As I wrote then, zstandard isn't perfect. (Nothing is.) But a year later, it is refreshing to see advancements.

A criticism one year ago was zstandard was pretty good as a general purpose compression format but it wasn't great if you live at the fringes. If you were a speed freak, you'd probably use lz4. If you cared about compression ratios, you'd probably use lzma. But recent releases of zstandard have made huge strides into the territory of these niche formats. Negative compression levels allow zstandard to flirt with lz4's performance. Long distance matching allows zstandard to achieve close to lzma's compression ratios. This is a big friggin deal because it makes it much, much harder to justify a domain-specific compression format over zstandard. I think lzma still has a significant edge for ultra compression ratios when memory utilization is a concern. But for many consumers, memory is readily available and it is easy to justify trading potentially hundreds of megabytes of memory to achieve a 10x speedup for decompression. Even if you aren't willing to sacrifice more memory, the ability to tweak compression parameters is huge. You can do things like store multiple versions of a compressed document and conditionally serve the one most appropriate for the client, all while running the same zstandard-only code on the client. That's huge.

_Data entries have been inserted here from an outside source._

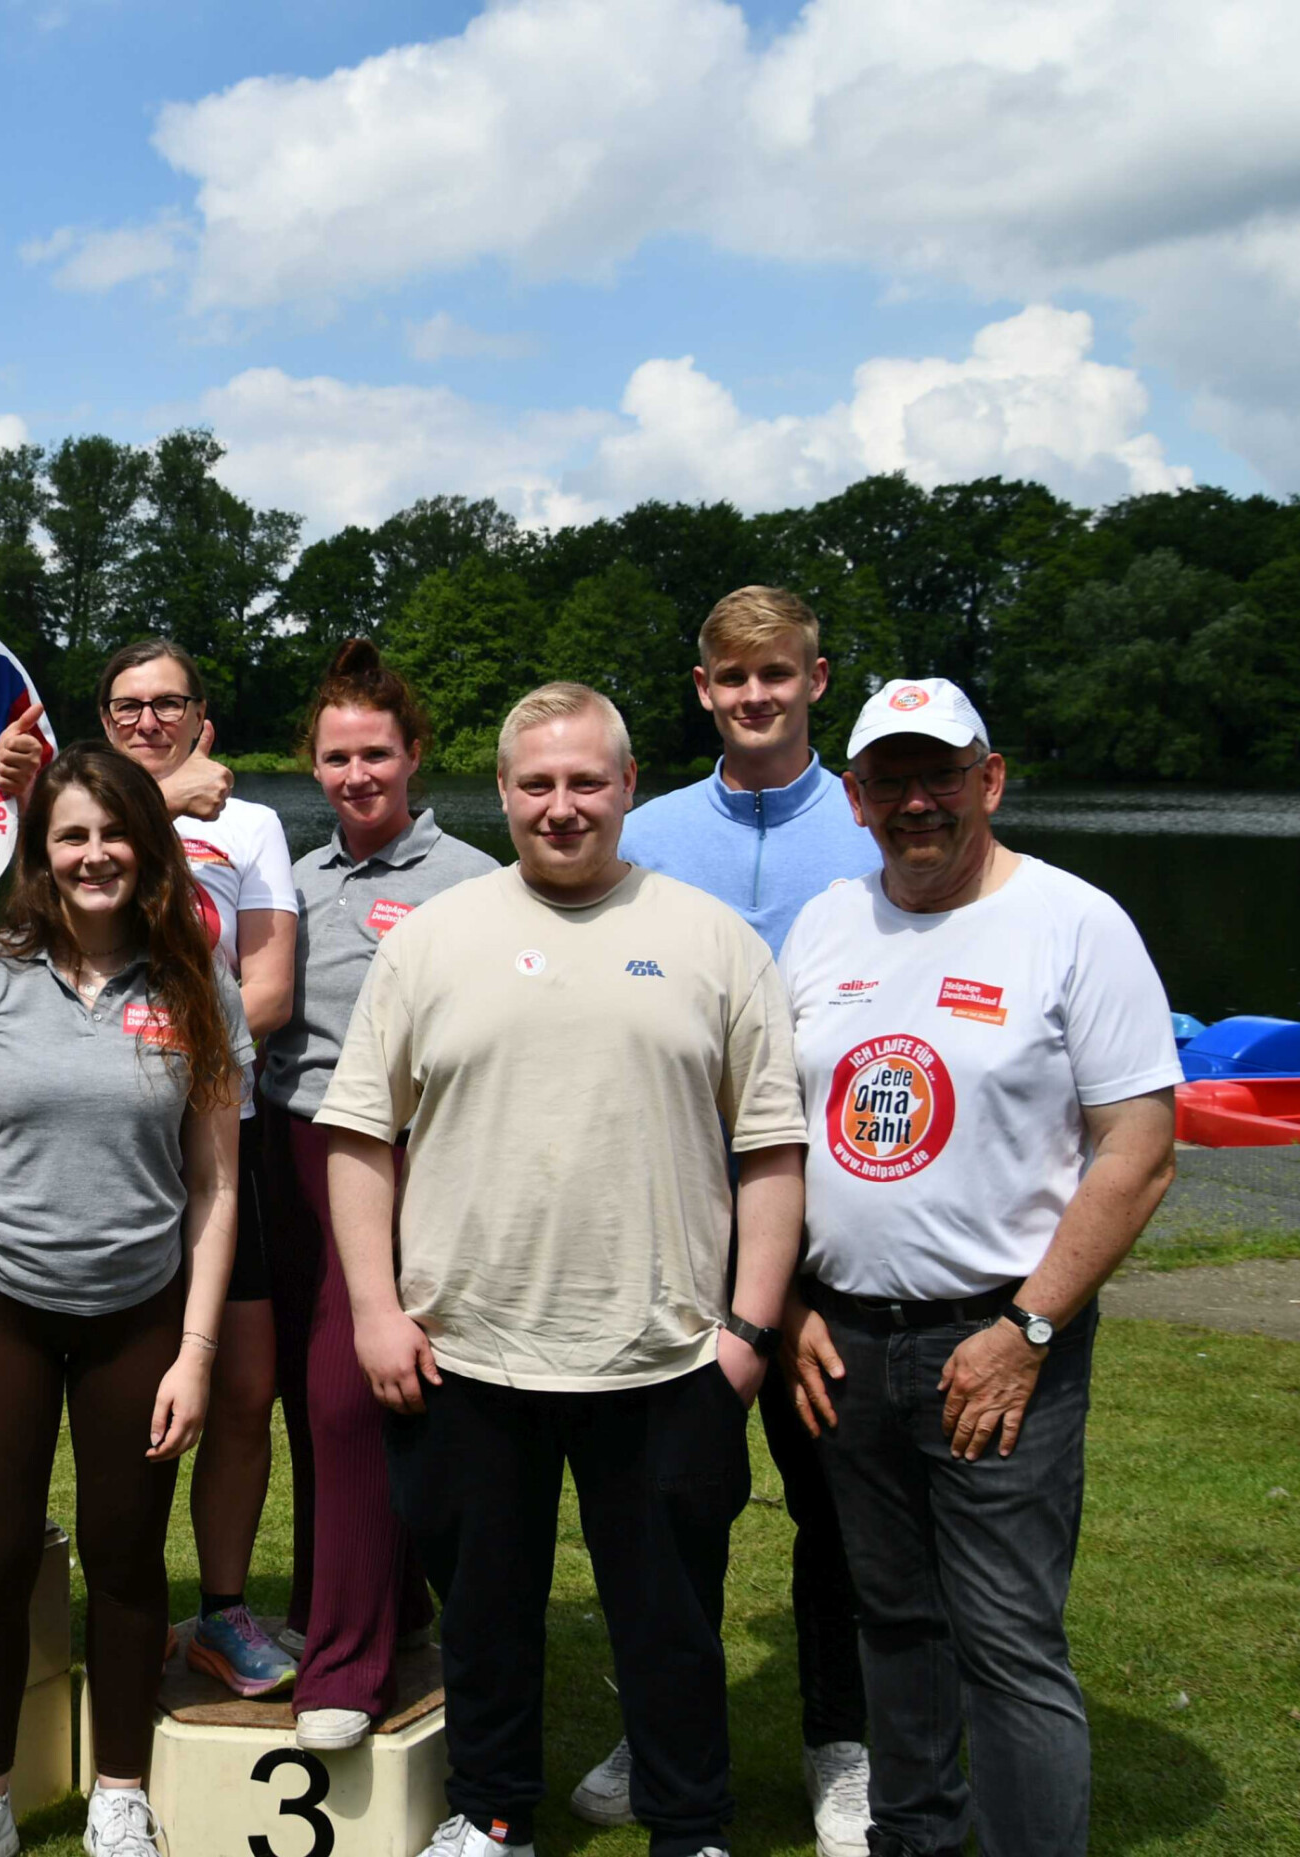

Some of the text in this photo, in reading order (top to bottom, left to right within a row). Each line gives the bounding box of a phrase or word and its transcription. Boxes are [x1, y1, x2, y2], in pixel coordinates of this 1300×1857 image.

[374, 903, 408, 915] HelpAge
[941, 990, 998, 1006] Deutschland
[944, 981, 982, 993] HelpAge
[849, 1046, 874, 1068] ICH
[874, 1038, 914, 1055] LAUFE
[912, 1044, 935, 1069] FÜR
[872, 1067, 913, 1087] Jede
[854, 1084, 910, 1114] Oma
[855, 1116, 912, 1144] zählt
[834, 1142, 930, 1179] www.helpage.de
[247, 1747, 335, 1857] 3
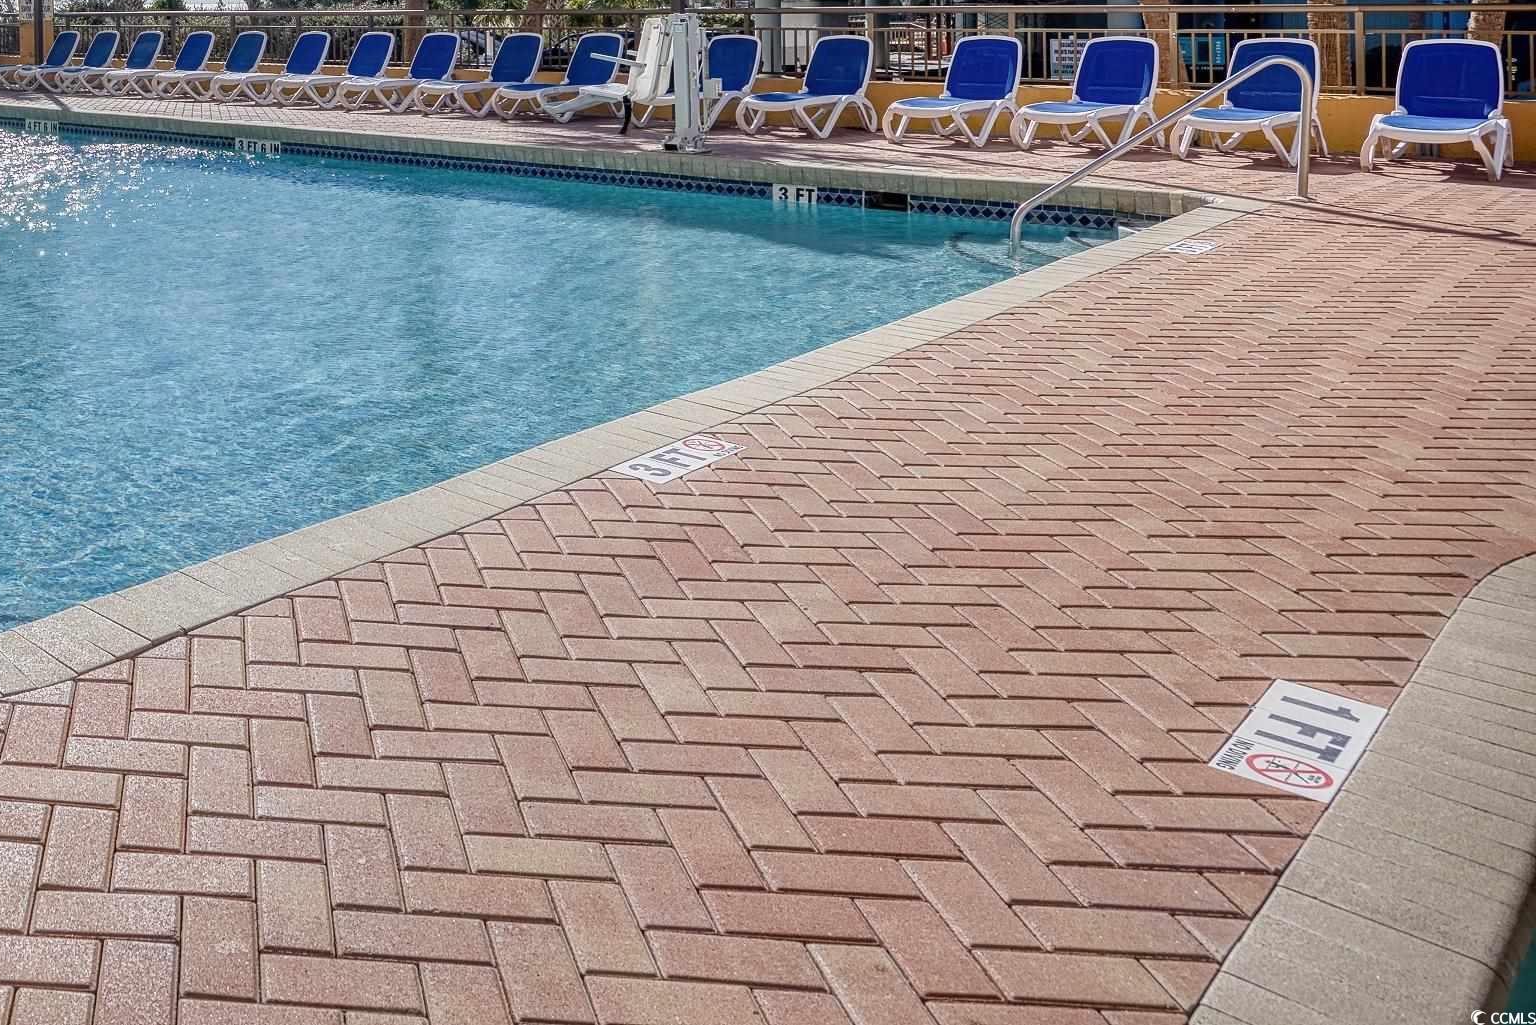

A year later, zstandard continues to impress me for its set of features and its versatility. The library is continuing to evolve - all while maintaining backwards compatibility on the decoding side. (That's a sign of a good format design if you ask me.) I was honestly shocked to see that zstandard was able to change its compression settings in a way that allowed it to compete with lz4 and lzma without requiring a format change.

The more I use zstandard, the more I think that everyone should use this and that popular compression formats just aren't cut out for modern computing any more. Every time I download a zlib/gz or bzip2 compressed archive, I'm thinking if only they used zstandard this archive would be smaller, it would have decompressed already, and I wouldn't be thinking about how annoying it is to wait for compression operations to complete. In my mind, zstandard is such an obvious advancement over the status quo and is such a versatile format - now covering the gamut of super fast compression to ultra ratios - that it is bordering on negligent to not use zstandard. With the removal of the controversial patent rights grant license clause in zstandard 1.3.1, that justifiable resistance to widespread adoption of zstandard has been eliminated. Zstandard is objectively superior for many workloads and I heavily encourage its use. I believe python-zstandard provides a high-quality interface to zstandard and I encourage you to give it and zstandard a try the next time you compress data.

If you run into any problems or want to get involved with development, python-zstandard lives at indygreg/python-zstandard on GitHub.

*(I updated the post on 2018-05-16 to remove a paragraph about zstandard competition. In the original post, I unfairly compared zstandard to Snappy instead of Brotli and made some inaccurate statements around that comparison.)